Kopfschüttelnd schloß Georg das Fenster und kehrte zu seinem Platze zurück. Die anderen Passagiere waren ebenfalls munter geworden und redeten eine Weile hin und her, was wohl den Aufenthalt inmitten des offenen Feldes verursacht hatte. Unverständlich summten ihre Stimmen um Georgs Ohren, er saß in seine Ecke gedrückt und schaute ins Leere; die Hände zitterten ihm von der Nachwirkung des plötzlichen Schrecks. Er hätte doch wohl besser gethan, wenn er bei seiner Frau und seinen Kindem geblieben wäre – so meinte er nun. Es wäre ja möglich, daß ihnen eine ernste Gefahr gedroht hätte . . . und dann wären sie allein gewesen, schutzlos, verlassen.

Aber Gott Lob!

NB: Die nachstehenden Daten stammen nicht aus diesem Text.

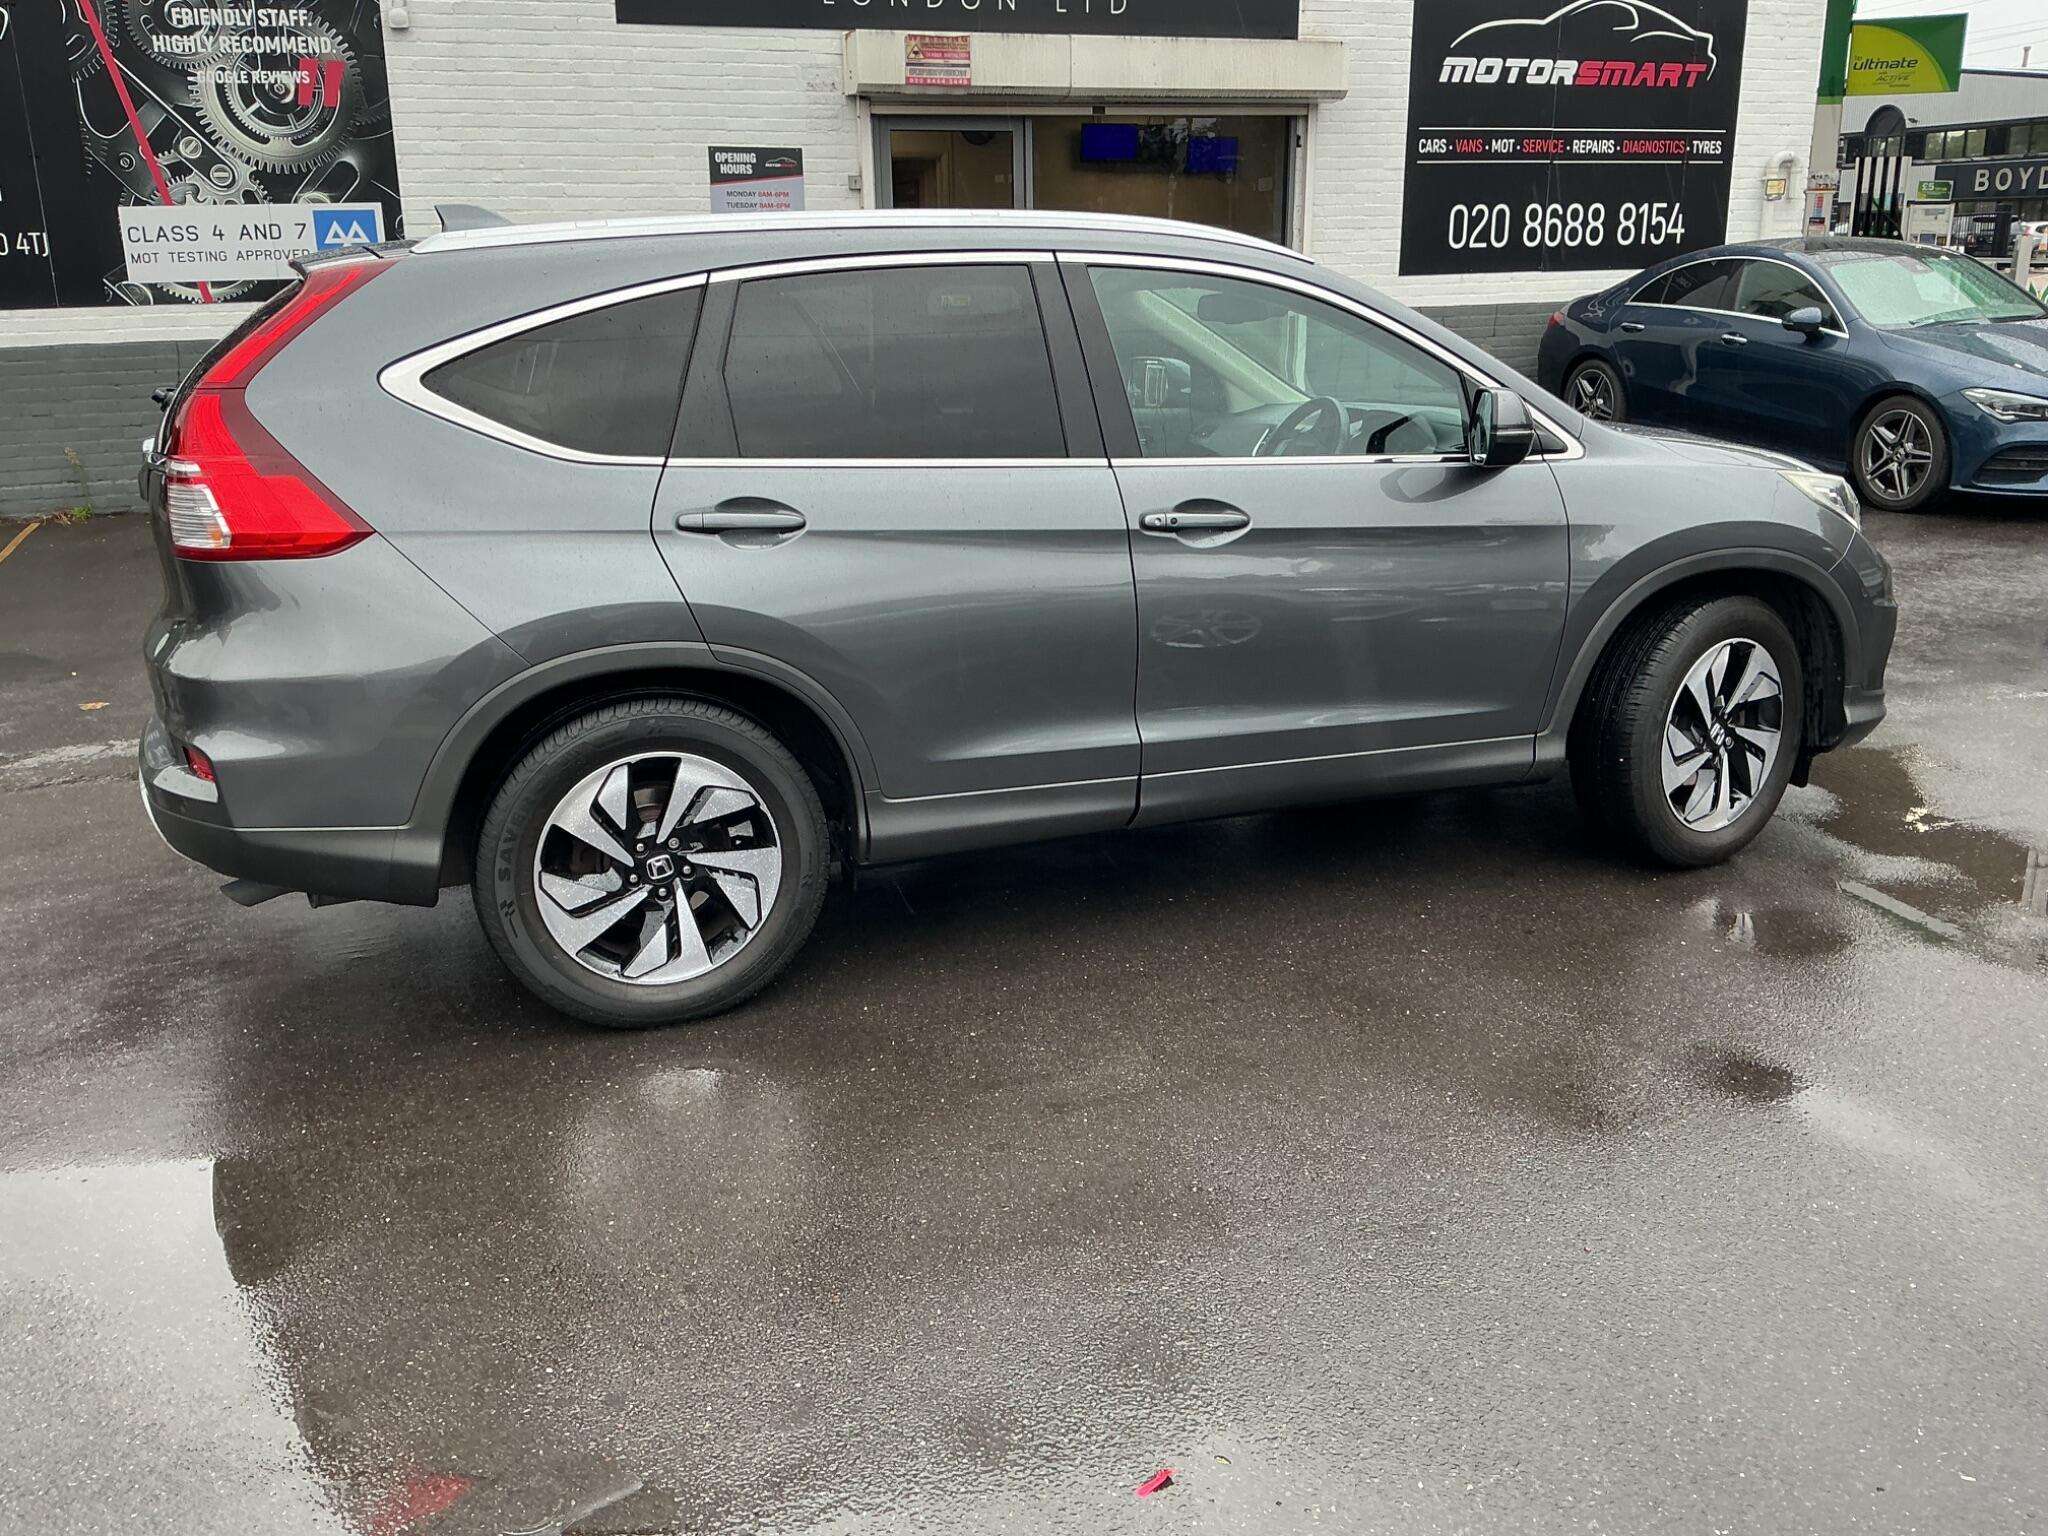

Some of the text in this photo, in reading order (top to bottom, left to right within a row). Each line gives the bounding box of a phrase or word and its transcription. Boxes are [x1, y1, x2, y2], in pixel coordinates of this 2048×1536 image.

[171, 8, 312, 27] FRIENDLY STAFF.
[151, 35, 336, 54] HIGHLY RECOMMEND.
[1853, 56, 1918, 71] ultimate
[198, 70, 311, 84] GOOGLE REVIEWS
[1439, 57, 1708, 88] MOTORSMART
[1418, 139, 1722, 155] CARS VANS MOT SERVICE REPAIRS DIAGNOSTICS TYRES
[714, 151, 757, 164] OPENING
[720, 163, 753, 175] HOURS
[726, 190, 757, 198] MONDAY
[127, 223, 307, 244] CLASS 4 AND 7
[1448, 202, 1685, 250] 020 8688 8154
[16, 232, 49, 257] 4TJ
[130, 250, 161, 265] MOT
[168, 250, 230, 264] TESTING

Was ihm das Herz im ersten Augenblick zusammengekrampft hatte wie mit eisiger Hand . . . es war nur blinder Lärm gewesen. Vielleicht ein völlig harmloser Vorgang, den er in der Sorge um seine Lieben mit übertriebener Ängstlichkeit gedeutet hatte. Er lächelte und schloß die Augen. Langsam rann es durch seine Glieder, wie bleierne Müdigkeit. Aber er kämpfte gegen den Schlaf, er dachte an sein Weib, an seine Kinder . . . er sah das dunkle Coupé, sah aus dem blauen Dämmerschein die süßen, rosigen Gesichtchen leuchten, er hörte die leisen, ruhigen Atemzüge der jungen Mutter . . . und unter ihm, da rasselten und schlugen die Räder im schnatternden Takt . . . die Fenster zitterten und klirrten . . .

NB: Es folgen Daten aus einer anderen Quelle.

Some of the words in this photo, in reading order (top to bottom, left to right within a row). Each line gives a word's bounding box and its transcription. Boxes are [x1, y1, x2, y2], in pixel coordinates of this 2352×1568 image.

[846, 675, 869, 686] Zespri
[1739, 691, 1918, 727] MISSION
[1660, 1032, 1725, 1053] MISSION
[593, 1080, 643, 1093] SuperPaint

Da plötzlich . . . wieder der gleiche Pfiff, dreimal nacheinander, kurz und gellend. Wieder stürzte Georg zum Fenster, wieder sah er das rote Licht . . . jetzt aber wollte der Zug nicht halten . . . das rote Licht aber wuchs und wuchs, es wurde zu einer mächtigen Flamme, welche gleich einem feurigen Ungetüm wie besessen auf- und niedersprang. Georg wollte schreien, aber die Zunge war ihm wie gelähmt, er wollte die Thür öffnen und vermochte kein Glied zu rühren. Und jetzt . . . ein donnerähnliches Krachen, ein Schwanken und Sinken, als klüfte sich die Erde, ein Schmettern, Dröhnen und Zischen . . . und herzzerreißendes Geschrei! In Grausen und Entsetzen schwanden ihm die Sinne. Als er wieder zur Besinnung kam, sah er sich auf offenem Felde liegen. Alle Glieder waren ihm wie zerbrochen, aber stöhnend raffte er sich auf. Doch als er das grauenvolle Bild erfaßte, das sich seinen Augen bot, war ihm, als müsse sein Herz zerspringen vor Weh und Wahnsinn.

Zerschmettert lag der ganze Zug, Trümmer und Leichen überall, und alles blutigrot erleuchtet von der mächtigen Flamme, die aus dem geborstenen Kessel der Lokomotive emporloderte gegen den schwarzen Himmel. Ächzen und Wimmern, gräßlicher Jammer und schrille Hilferufe füllten die Luft.

Aus Georgs Kehle rang sich ein gurgelnder Laut, er stürzte vorwärts, vorüber an Trümmern und Trümmern . . . und jetzt . . . »Georg, Georg!« so klang es mit herzzerbrechendem Stöhnen an sein Ohr. Wie zu Stein verwandelt stand er, seine Lippen klafften, seine zuckenden Finger griffen ins Leere. Ein Wust von Holz und Eisen lag vor seinen Füßen . . . aber seine starrenden Blicke drangen durch all' diese Trümmer . . . er sah seine süßen Kinder, sein schönes, junges Weib, mit bleichen Zügen und brechenden Augen . . . von seinen Lippen tönte ein gellender Schrei, und . . .

Und da erwachte er. Der Morgen dämmerte und eben hielt der Zug in der Halle eines Bahnhofes. Georg fuhr mit beiden Händen an die Stirne, auf der ihm der kalte Schweiß in dicken Tropfen stand. Jetzt wurde die Thür geöffnet, und da sprang er auf, stürzte ins Freie, rannte am Zug entlang, suchte mit irrenden Blicken das Coupé . . . nun fand er die Thüre, und als er sie aufriß, streckte die junge Frau ihm lächelnd die Hand entgegen. Wie erschrak sie aber, als sie sein blasses Gesicht und seine brennenden Augen sah. Doch ließ er ihr keine Zeit zu einer Frage – mit zitternden Armen umschlang er sie und überströmte ihr Gesicht mit glühenden Küssen. Da hörte er die Stimme seiner Nelly – die Kinder waren erwacht – aufschluchzend riß er die Kleinen an seine Brust, küßte ihnen Mund und Augen, immer und immer wieder, dann sank er zurück in die Polster, und seine fassungslose Erregung löste sich in Lachen und Thränen.